= What the task asks =
Omit the pictures, then write out every entry exactly as it reads.

= Given information =
################
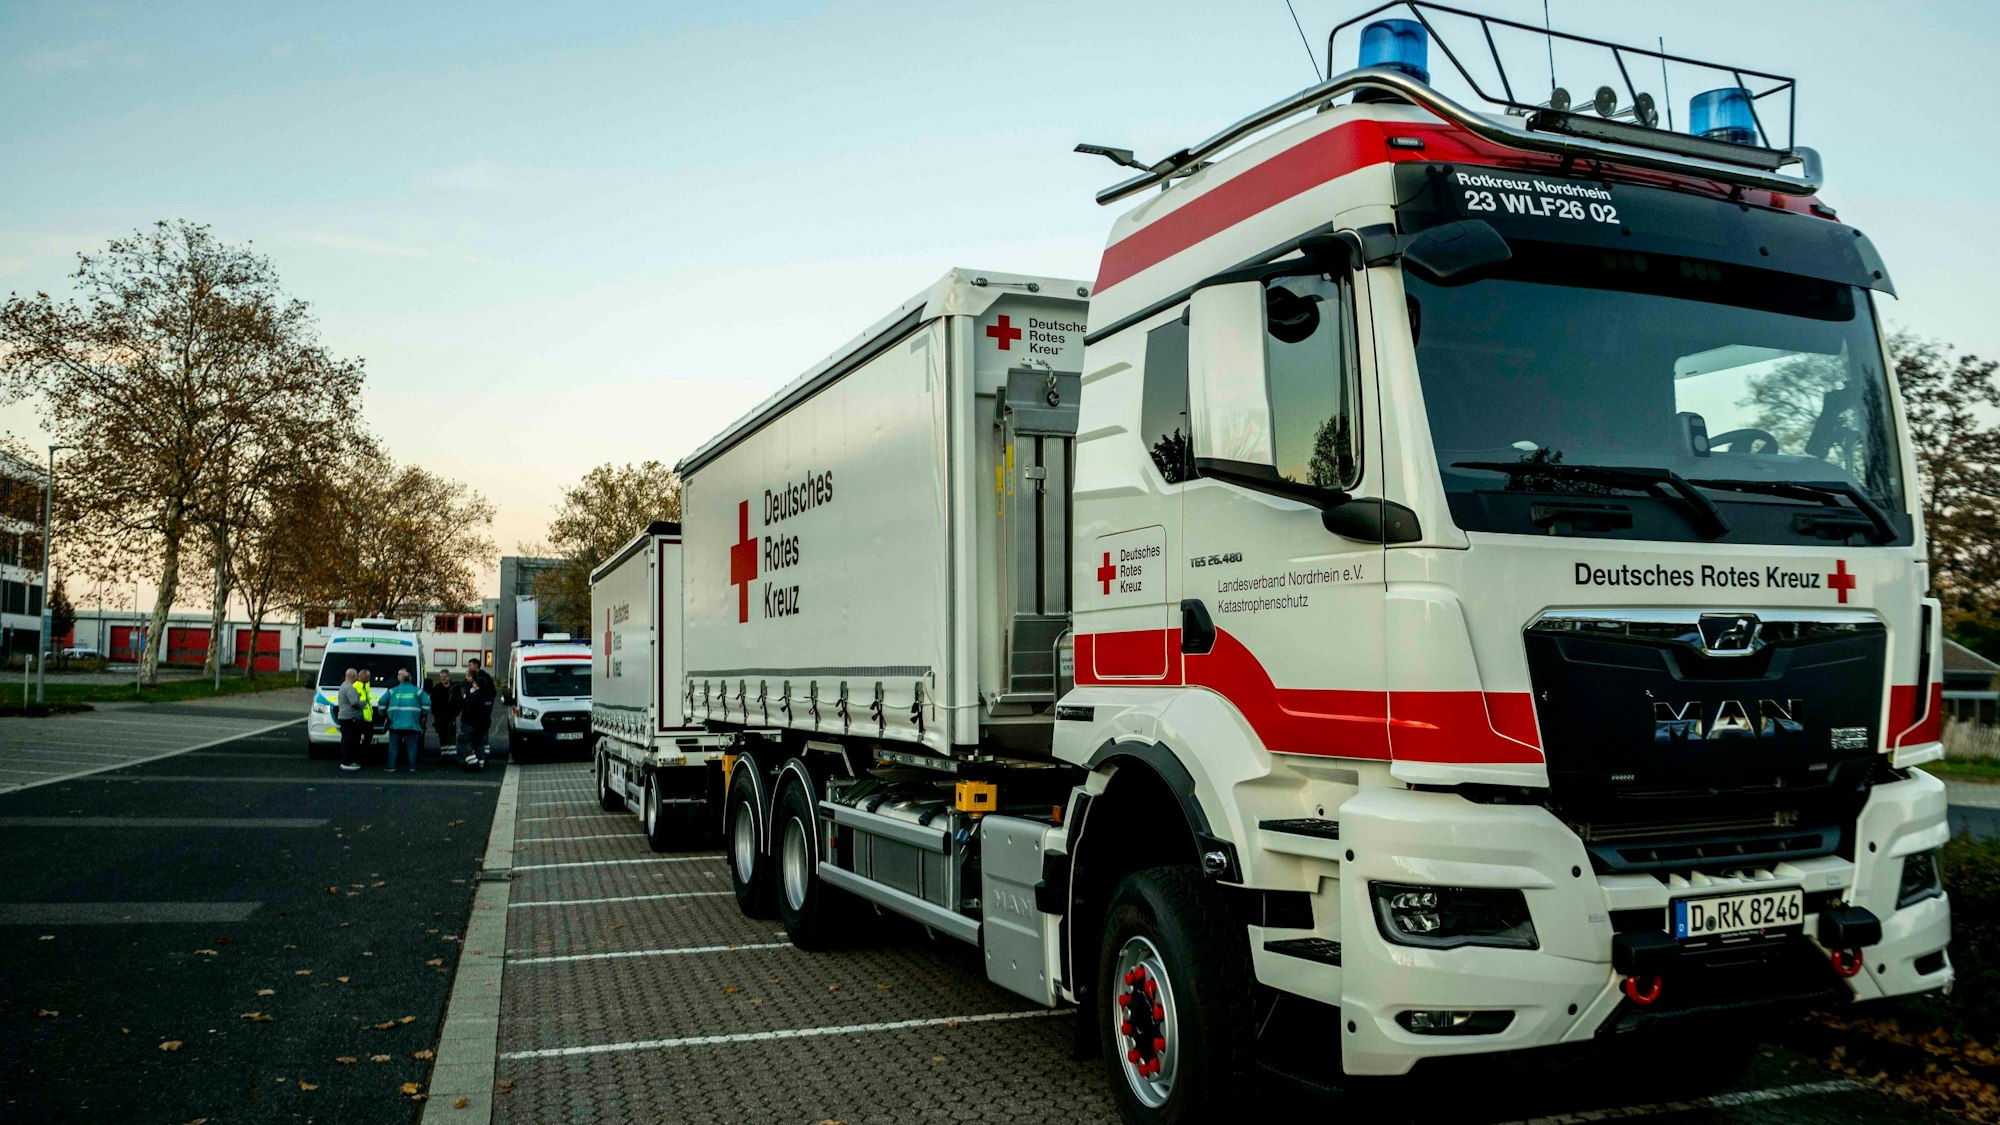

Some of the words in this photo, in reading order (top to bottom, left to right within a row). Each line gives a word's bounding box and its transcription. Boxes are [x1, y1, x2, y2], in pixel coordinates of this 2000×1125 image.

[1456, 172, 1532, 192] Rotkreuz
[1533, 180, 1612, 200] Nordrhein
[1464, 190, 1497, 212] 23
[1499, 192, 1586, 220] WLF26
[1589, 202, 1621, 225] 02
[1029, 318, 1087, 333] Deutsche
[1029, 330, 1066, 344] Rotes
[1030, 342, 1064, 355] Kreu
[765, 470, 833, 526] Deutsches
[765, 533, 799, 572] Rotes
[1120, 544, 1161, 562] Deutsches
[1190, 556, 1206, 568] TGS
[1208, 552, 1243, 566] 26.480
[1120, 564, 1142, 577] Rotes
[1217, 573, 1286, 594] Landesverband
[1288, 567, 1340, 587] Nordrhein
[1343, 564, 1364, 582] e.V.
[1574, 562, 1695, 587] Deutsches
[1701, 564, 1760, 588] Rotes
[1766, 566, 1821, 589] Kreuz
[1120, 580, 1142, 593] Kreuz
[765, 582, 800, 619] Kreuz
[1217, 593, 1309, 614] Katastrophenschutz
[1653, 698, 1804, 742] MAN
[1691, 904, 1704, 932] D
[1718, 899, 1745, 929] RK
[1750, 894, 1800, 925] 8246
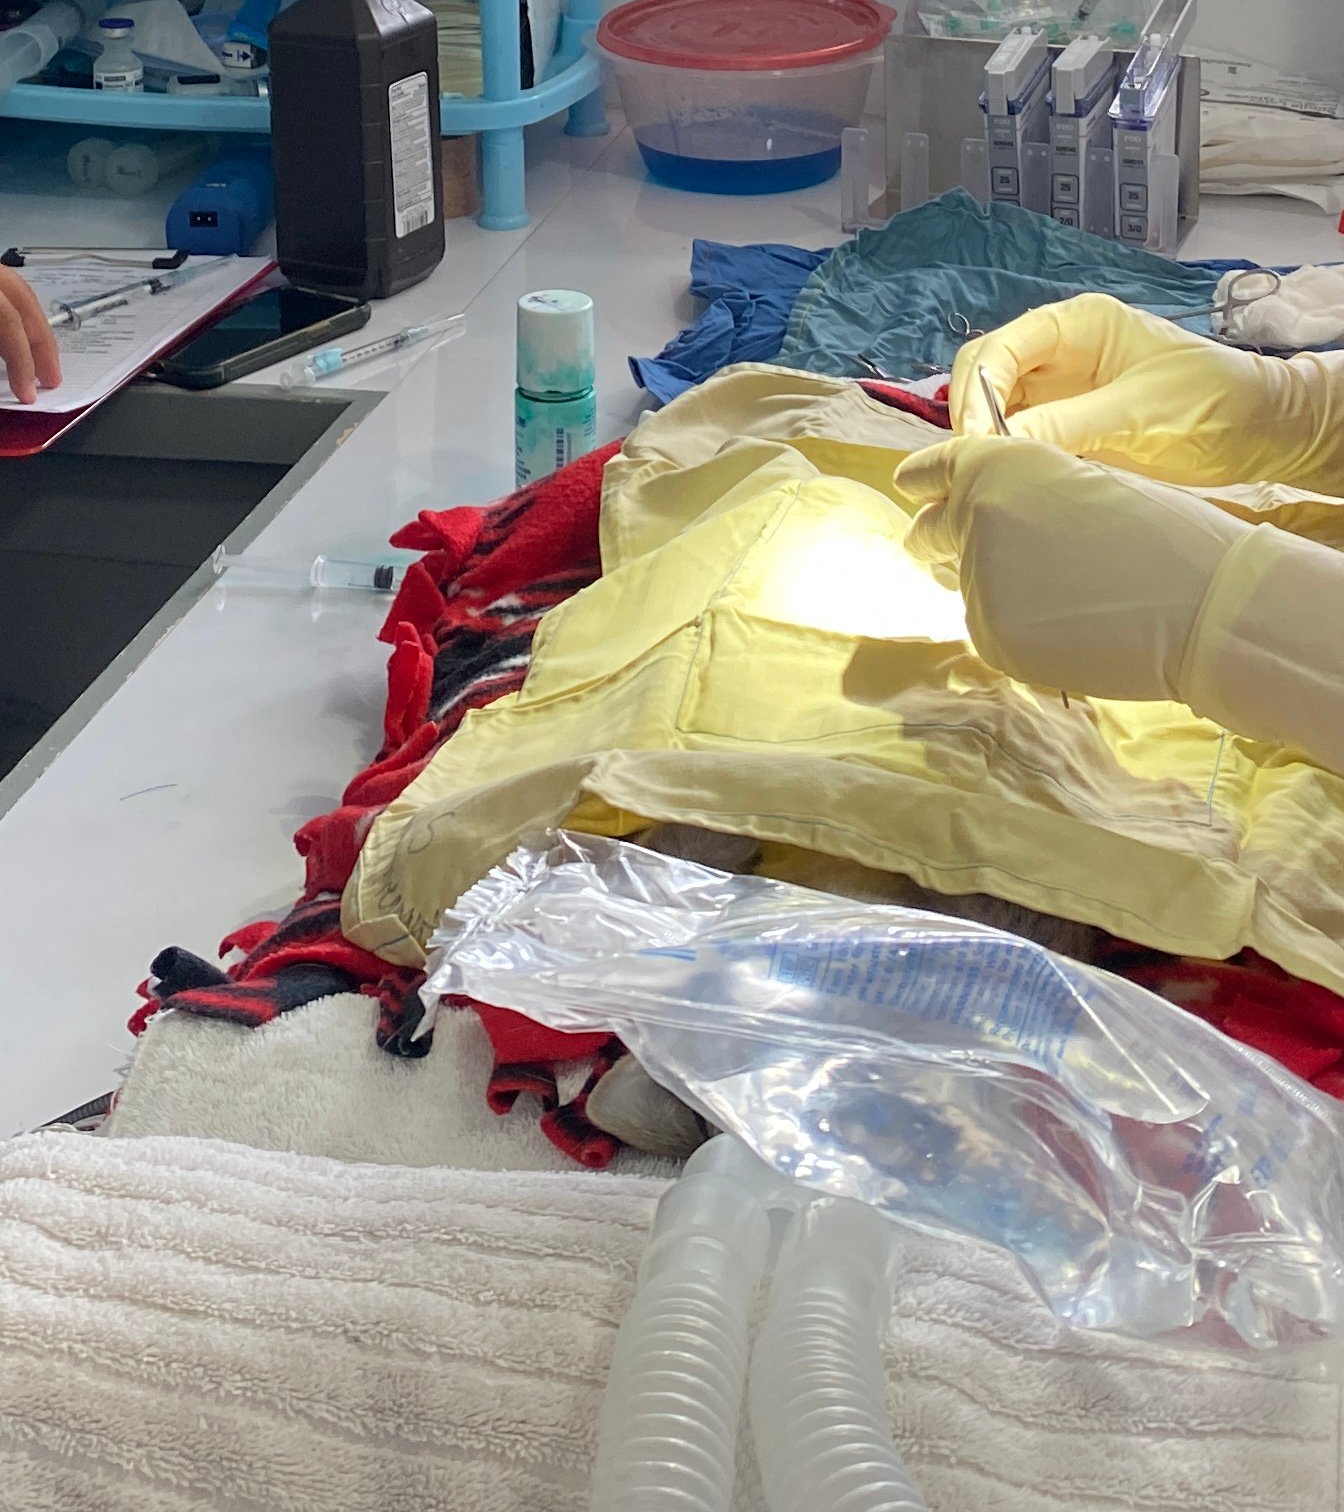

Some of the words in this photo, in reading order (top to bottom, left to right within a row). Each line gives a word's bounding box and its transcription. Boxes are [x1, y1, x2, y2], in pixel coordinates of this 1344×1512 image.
################
= The answer =
Some of the words in this photo, in reading order (top to bottom, left to right within a row). Each line gives a word's bounding box and its transcription. Boxes are [x1, y1, x2, y2], in pixel coordinates of this 2000×1125 image.

[1456, 172, 1532, 192] Rotkreuz
[1533, 180, 1612, 200] Nordrhein
[1464, 190, 1497, 212] 23
[1499, 192, 1586, 220] WLF26
[1589, 202, 1621, 225] 02
[1029, 318, 1087, 333] Deutsche
[1029, 330, 1066, 344] Rotes
[1030, 342, 1064, 355] Kreu
[765, 470, 833, 526] Deutsches
[765, 533, 799, 572] Rotes
[1120, 544, 1161, 562] Deutsches
[1190, 556, 1206, 568] TGS
[1208, 552, 1243, 566] 26.480
[1120, 564, 1142, 577] Rotes
[1217, 573, 1286, 594] Landesverband
[1288, 567, 1340, 587] Nordrhein
[1343, 564, 1364, 582] e.V.
[1574, 562, 1695, 587] Deutsches
[1701, 564, 1760, 588] Rotes
[1766, 566, 1821, 589] Kreuz
[1120, 580, 1142, 593] Kreuz
[765, 582, 800, 619] Kreuz
[1217, 593, 1309, 614] Katastrophenschutz
[1653, 698, 1804, 742] MAN
[1691, 904, 1704, 932] D
[1718, 899, 1745, 929] RK
[1750, 894, 1800, 925] 8246

Some of the words in this photo, in reading order (top to bottom, left to right within a row). Each line gives a word's bounding box and its transcription. Boxes are [x1, y1, x2, y2], in pixel coordinates of this 1344×1512 image.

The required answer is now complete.